→ **Material provided**:
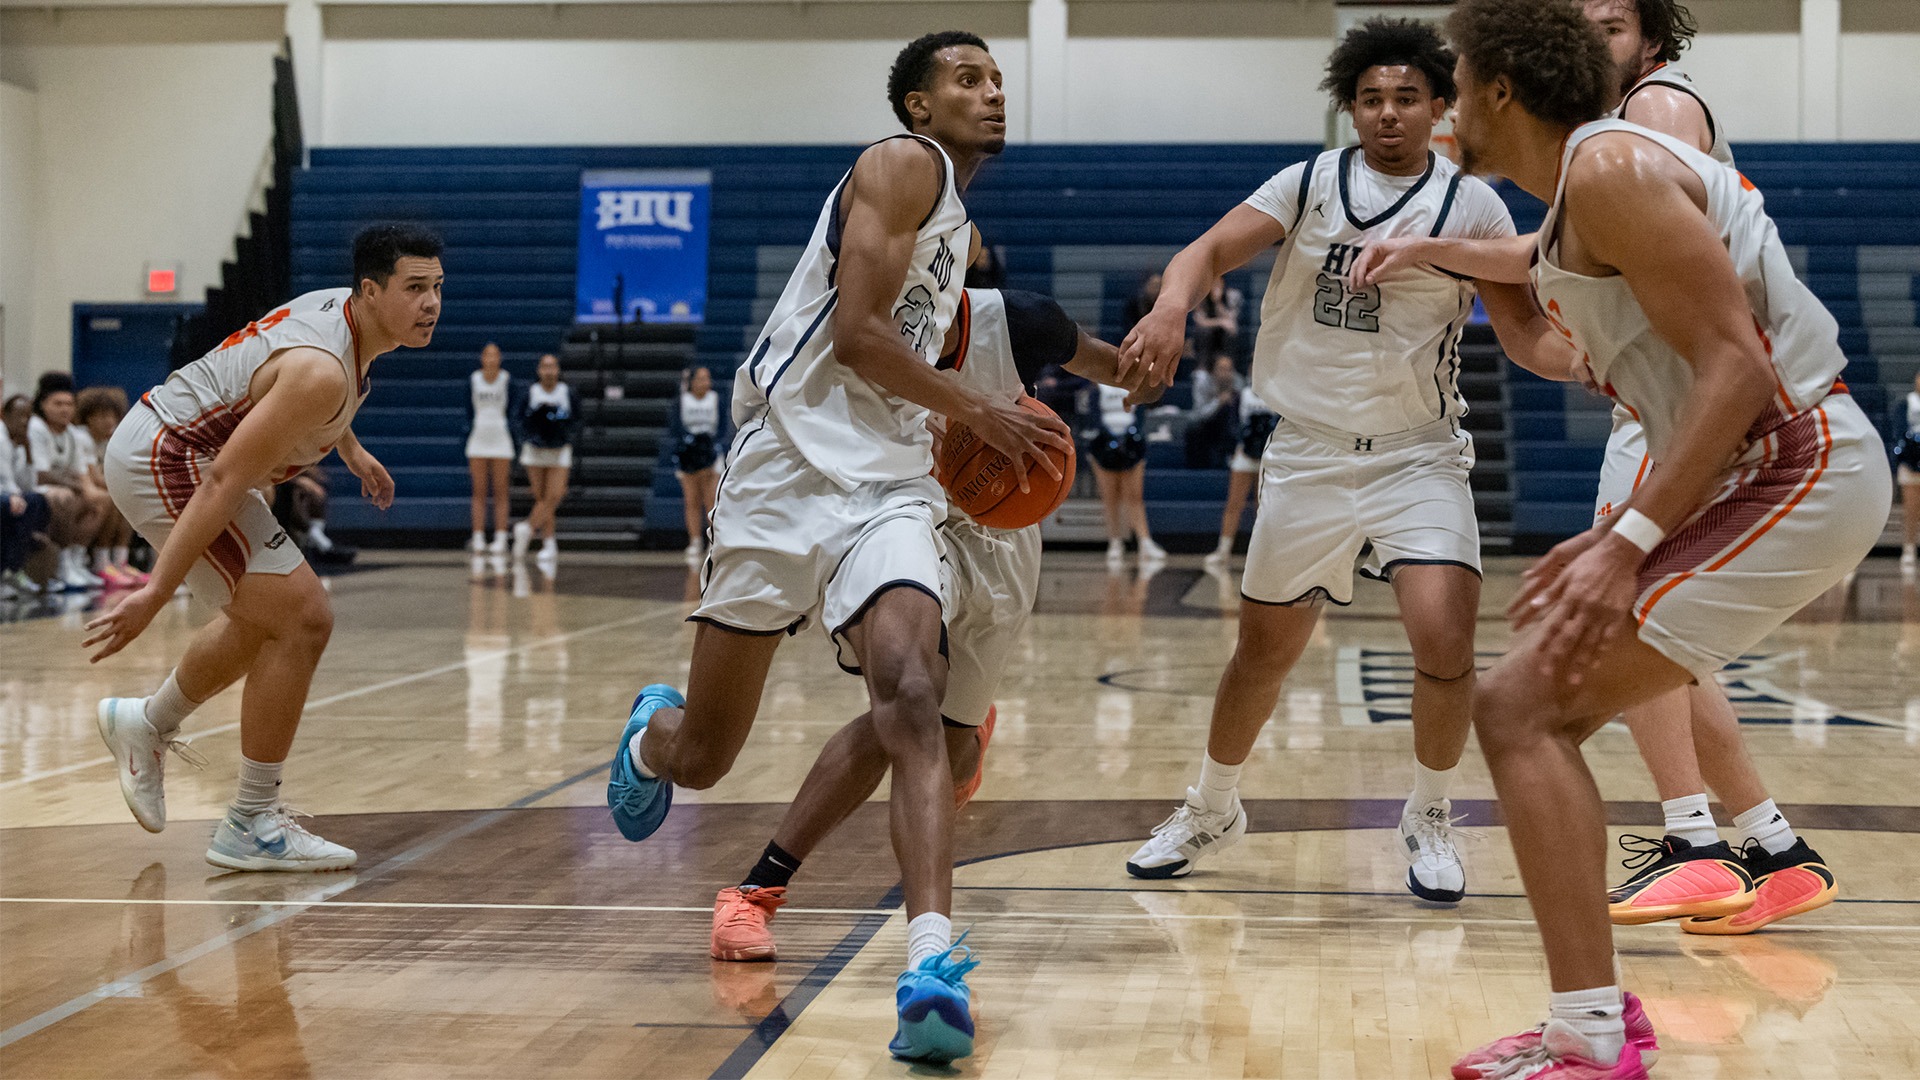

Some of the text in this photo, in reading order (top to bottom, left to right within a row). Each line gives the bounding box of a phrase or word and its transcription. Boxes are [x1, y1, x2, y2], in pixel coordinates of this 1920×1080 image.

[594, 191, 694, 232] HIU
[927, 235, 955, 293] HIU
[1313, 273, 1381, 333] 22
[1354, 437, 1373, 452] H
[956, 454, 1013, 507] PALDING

→ **Assignment**: The lines above must be transcribed exactly, with every picture left out.

→ **Response for this exercise**:
Some of the text in this photo, in reading order (top to bottom, left to right within a row). Each line gives the bounding box of a phrase or word and its transcription. Boxes are [x1, y1, x2, y2], in pixel coordinates of this 1920×1080 image.

[594, 191, 694, 232] HIU
[927, 235, 955, 293] HIU
[1313, 273, 1381, 333] 22
[1354, 437, 1373, 452] H
[956, 454, 1013, 507] PALDING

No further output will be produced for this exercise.